ABCB projeta avanço do mercado de derivados do leite de búfala com compra da Levitare pela Tirolez
A Associação Brasileira de Criadores de Búfalos (ABCB) vê com otimismo a compra da indústria líder paulista na produção de queijos bubalinos Levitare pela Tirolez. A companhia, com 45 anos de operação e fabricação concentrada em produtos de leite de vaca, agora agregará 50 itens de búfalas nas suas operações comerciais.
O presidente da ABCB, Simon Riess, afirma que o interesse de um grande player como a Tirolez em um laticínio do porte que a Levitare tem nos mercados nacional e sulamericano só mostra o que o búfalo tem conquistado de espaço. “E, obviamente, a Tirolez entrando nesse mercado juntamente com a Levitare, teremos uma expansão de divulgação dos produtos bubalinos muito maior”, projeta. Simon aposta que a divulgação dos produtos de búfalas conseguirá chegar em mais localidades dentro do território nacional, o que ajudará também na cadeia como um todo alavancando a produção, vendendo mais produtos e estimulando assim a cadeia a produzir mais leite de búfala.
Na mesma linha, o proprietário da marca Levitare, Jorge Nakid, constata um crescimento do mercado bubalino, mas vê espaço para um avanço ainda maior. “É uma tendência de mercado, você vê as empresas se juntando, começou com a Ambev, depois Sadia, Perdigão, Unidas e Movidas, no ramo automobilístico, então é uma tendência das empresas em um mercado cada vez mais desafiador”, constata.
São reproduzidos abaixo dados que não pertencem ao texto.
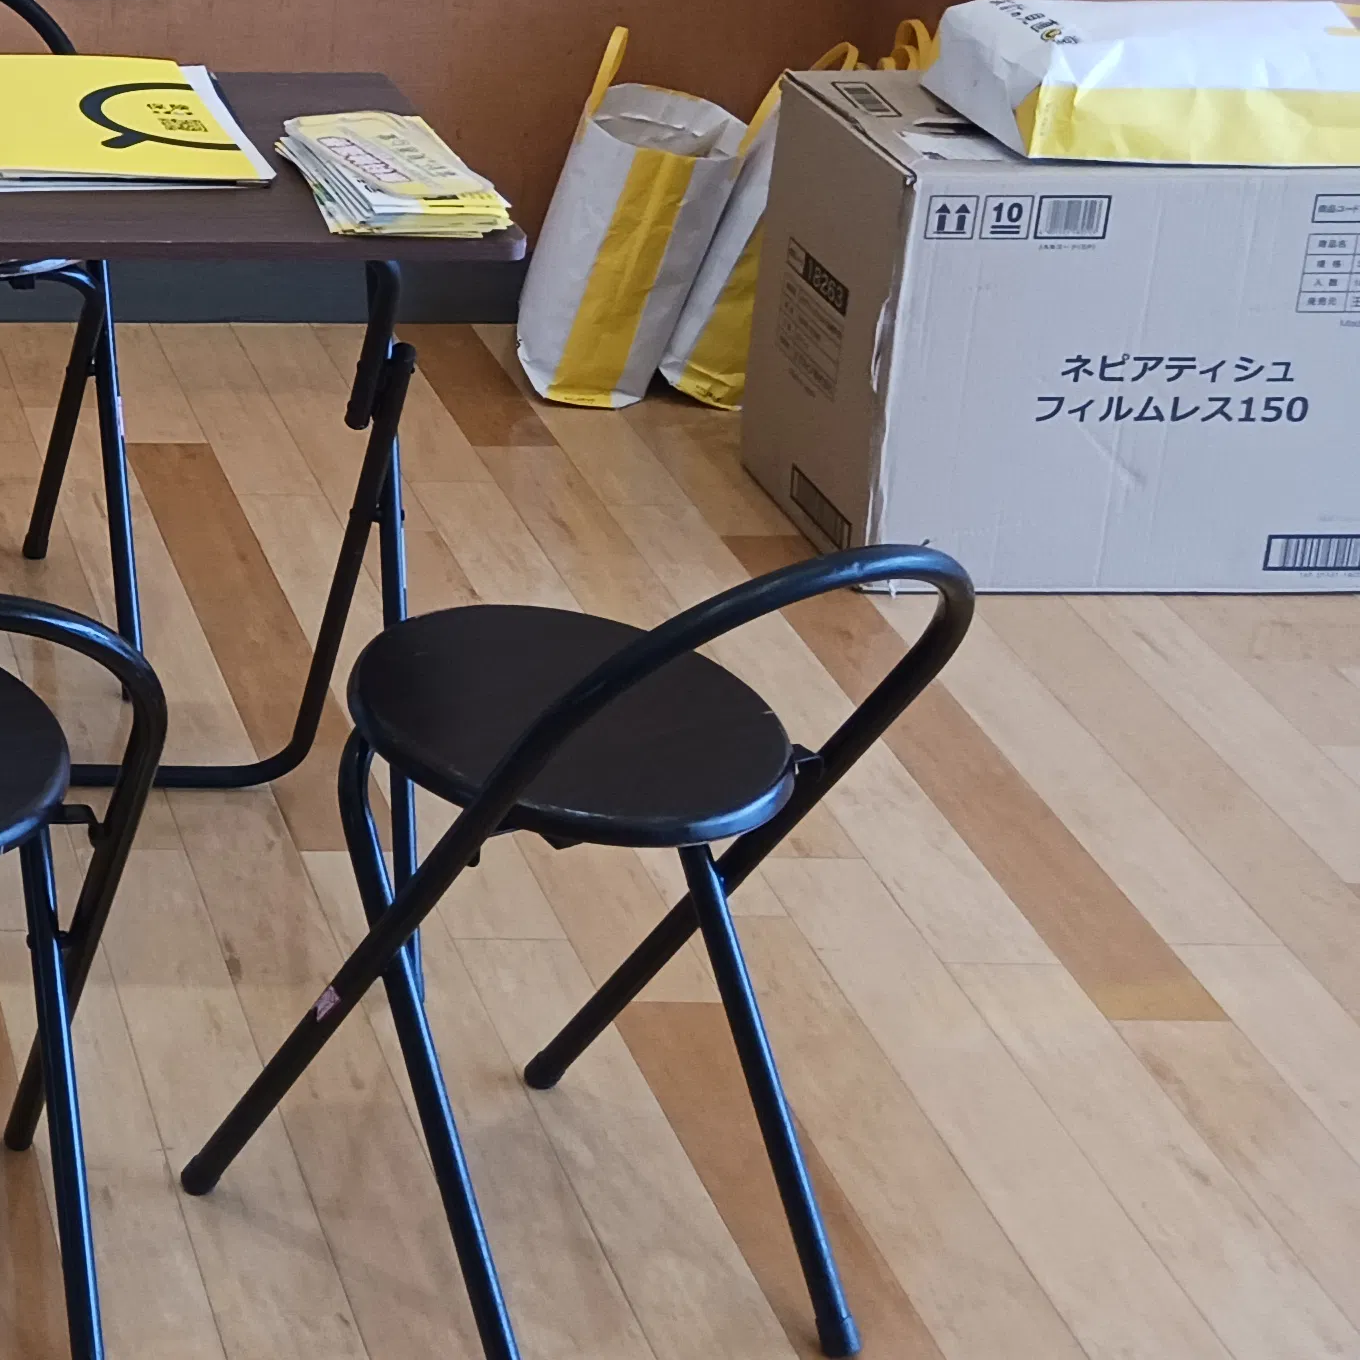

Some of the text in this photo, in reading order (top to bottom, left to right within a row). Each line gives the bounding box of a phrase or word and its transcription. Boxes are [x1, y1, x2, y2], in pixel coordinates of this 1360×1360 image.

[992, 202, 1024, 225] 10
[1061, 354, 1295, 384] ネピアティシュ
[1035, 395, 1310, 424] フィルムレス150
Sendo assim, Nakid explica que a idéia foi se juntar com a Tirolez, uma empresa que é líder de mercado, com a mesma característica da Levitare, uma empresa também familiar e que preza muito por qualidade. “E eu acho que vai ajudar a alavancar muito o mercado de búfala. É uma organização que tem condições de investir, de fazer propaganda maciça, tem uma capilaridade muito grande em nível nacional, muitos funcionários, uma empresa que esse ano deve faturar quase R$2 bilhões. A ideia, portanto, é juntar essas forças e eu creio que toda cadeia vai ganhar, vamos todos falar mais sobre o consumo de produtos de búfala. Eu acho que é um mercado que vai ampliar bastante”, projeta.